#### Exercise brief:
From the data below, repeat everything exactly except the images.

Records to use START

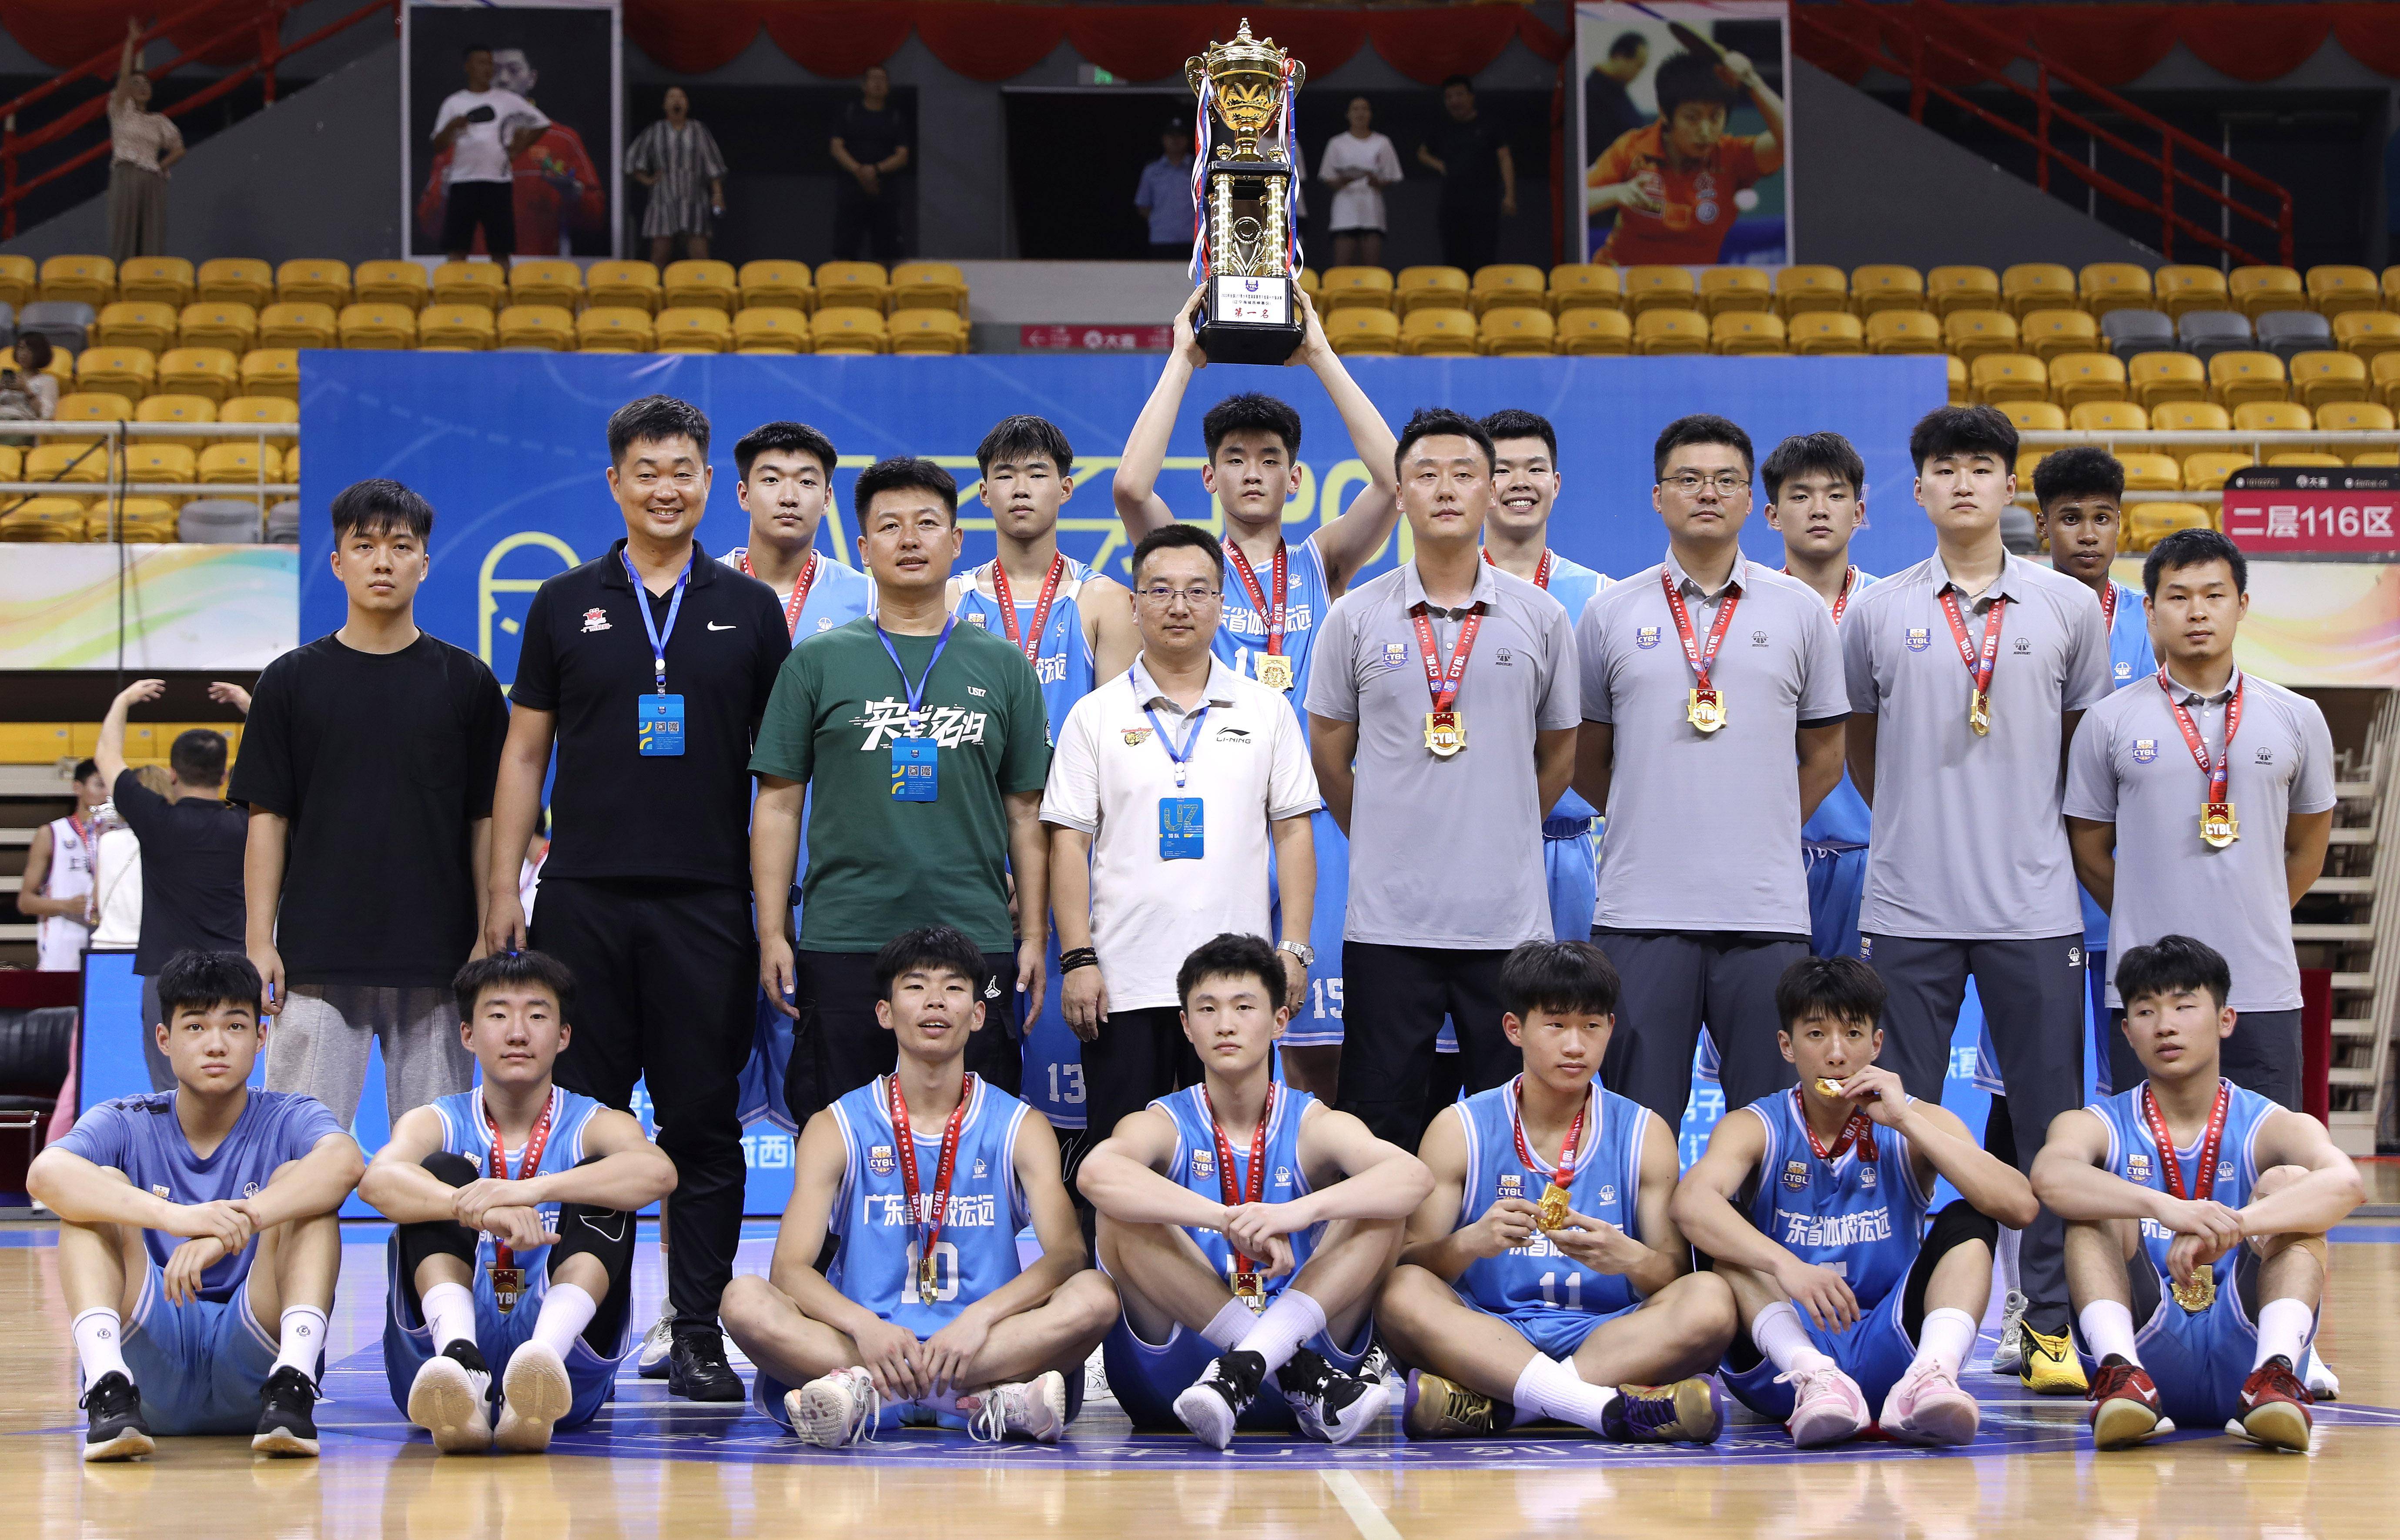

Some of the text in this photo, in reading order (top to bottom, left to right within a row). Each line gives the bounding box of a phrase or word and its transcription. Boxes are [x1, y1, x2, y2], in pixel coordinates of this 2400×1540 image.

[1235, 307, 1269, 318] 第一名
[2231, 505, 2394, 539] 二层116区
[1258, 604, 1273, 625] CYBL
[1274, 602, 1283, 621] CYBL
[1024, 637, 1039, 660] CYBL
[1683, 637, 1698, 660] CYBL
[1704, 632, 1721, 656] CYBL
[1958, 637, 1975, 661] CYBL
[1982, 633, 1998, 656] CYBL
[1424, 653, 1440, 677] CYBL
[1448, 652, 1466, 678] CYBL
[1693, 708, 1719, 721] CYBL
[1430, 733, 1459, 743] CYBL
[2192, 744, 2210, 769] CYBL
[2206, 824, 2233, 835] CYBL
[1313, 978, 1344, 1019] 15
[1048, 1063, 1087, 1104] 13
[1842, 1116, 1861, 1140] CYBL
[1192, 1161, 1215, 1172] CYBL
[2126, 1166, 2152, 1175] CYBL
[1784, 1173, 1808, 1184] CYBL
[931, 1188, 946, 1215] CYBL
[1498, 1186, 1523, 1196] CYBL
[910, 1192, 924, 1218] CYBL
[1772, 1205, 1892, 1247] 广东省体校宏远
[901, 1240, 958, 1303] 10
[1240, 1296, 1261, 1307] YBL
[1539, 1271, 1583, 1310] 11
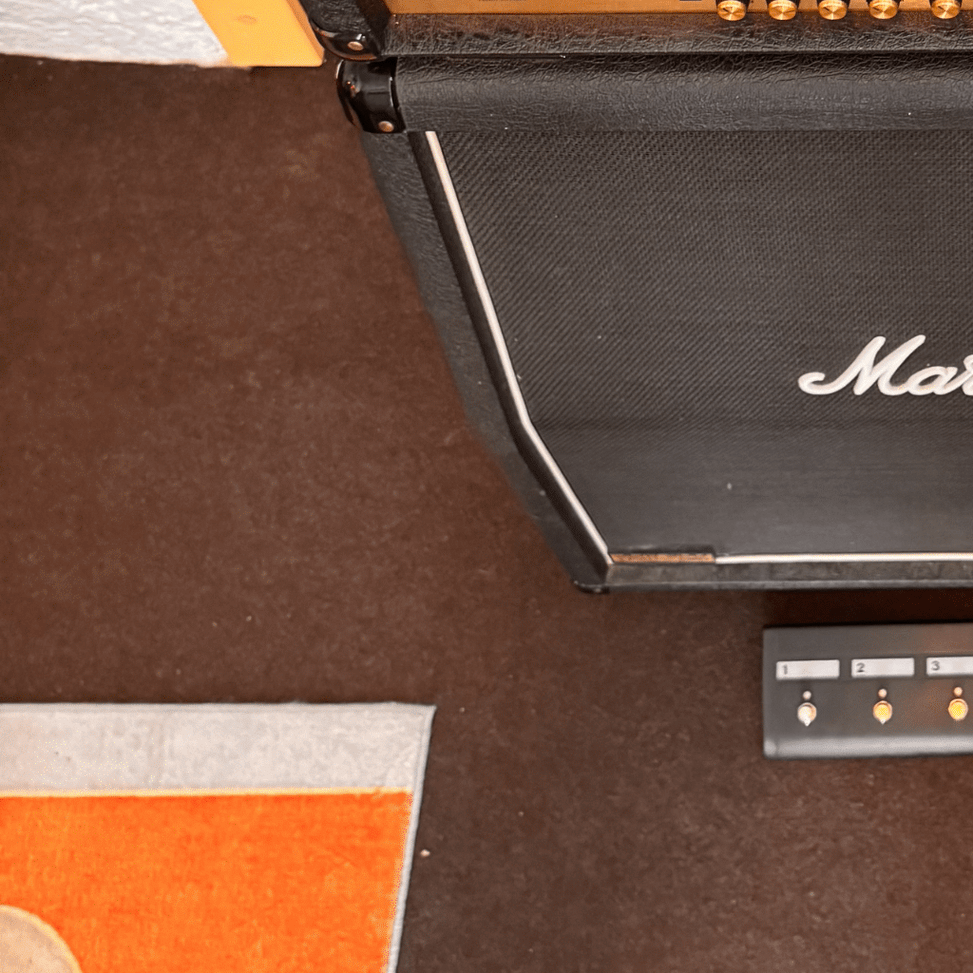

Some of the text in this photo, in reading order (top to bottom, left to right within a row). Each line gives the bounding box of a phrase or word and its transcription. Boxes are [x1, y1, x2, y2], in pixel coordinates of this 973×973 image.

[782, 665, 788, 675] 1
[856, 663, 865, 673] 2
[931, 661, 940, 671] 3

Records to use END

#### Response box:
Some of the text in this photo, in reading order (top to bottom, left to right within a row). Each line gives the bounding box of a phrase or word and its transcription. Boxes are [x1, y1, x2, y2], in pixel coordinates of this 2400×1540 image.

[1235, 307, 1269, 318] 第一名
[2231, 505, 2394, 539] 二层116区
[1258, 604, 1273, 625] CYBL
[1274, 602, 1283, 621] CYBL
[1024, 637, 1039, 660] CYBL
[1683, 637, 1698, 660] CYBL
[1704, 632, 1721, 656] CYBL
[1958, 637, 1975, 661] CYBL
[1982, 633, 1998, 656] CYBL
[1424, 653, 1440, 677] CYBL
[1448, 652, 1466, 678] CYBL
[1693, 708, 1719, 721] CYBL
[1430, 733, 1459, 743] CYBL
[2192, 744, 2210, 769] CYBL
[2206, 824, 2233, 835] CYBL
[1313, 978, 1344, 1019] 15
[1048, 1063, 1087, 1104] 13
[1842, 1116, 1861, 1140] CYBL
[1192, 1161, 1215, 1172] CYBL
[2126, 1166, 2152, 1175] CYBL
[1784, 1173, 1808, 1184] CYBL
[931, 1188, 946, 1215] CYBL
[1498, 1186, 1523, 1196] CYBL
[910, 1192, 924, 1218] CYBL
[1772, 1205, 1892, 1247] 广东省体校宏远
[901, 1240, 958, 1303] 10
[1240, 1296, 1261, 1307] YBL
[1539, 1271, 1583, 1310] 11

Some of the text in this photo, in reading order (top to bottom, left to right within a row). Each line gives the bounding box of a phrase or word and its transcription. Boxes are [x1, y1, x2, y2], in pixel coordinates of this 973×973 image.

[782, 665, 788, 675] 1
[856, 663, 865, 673] 2
[931, 661, 940, 671] 3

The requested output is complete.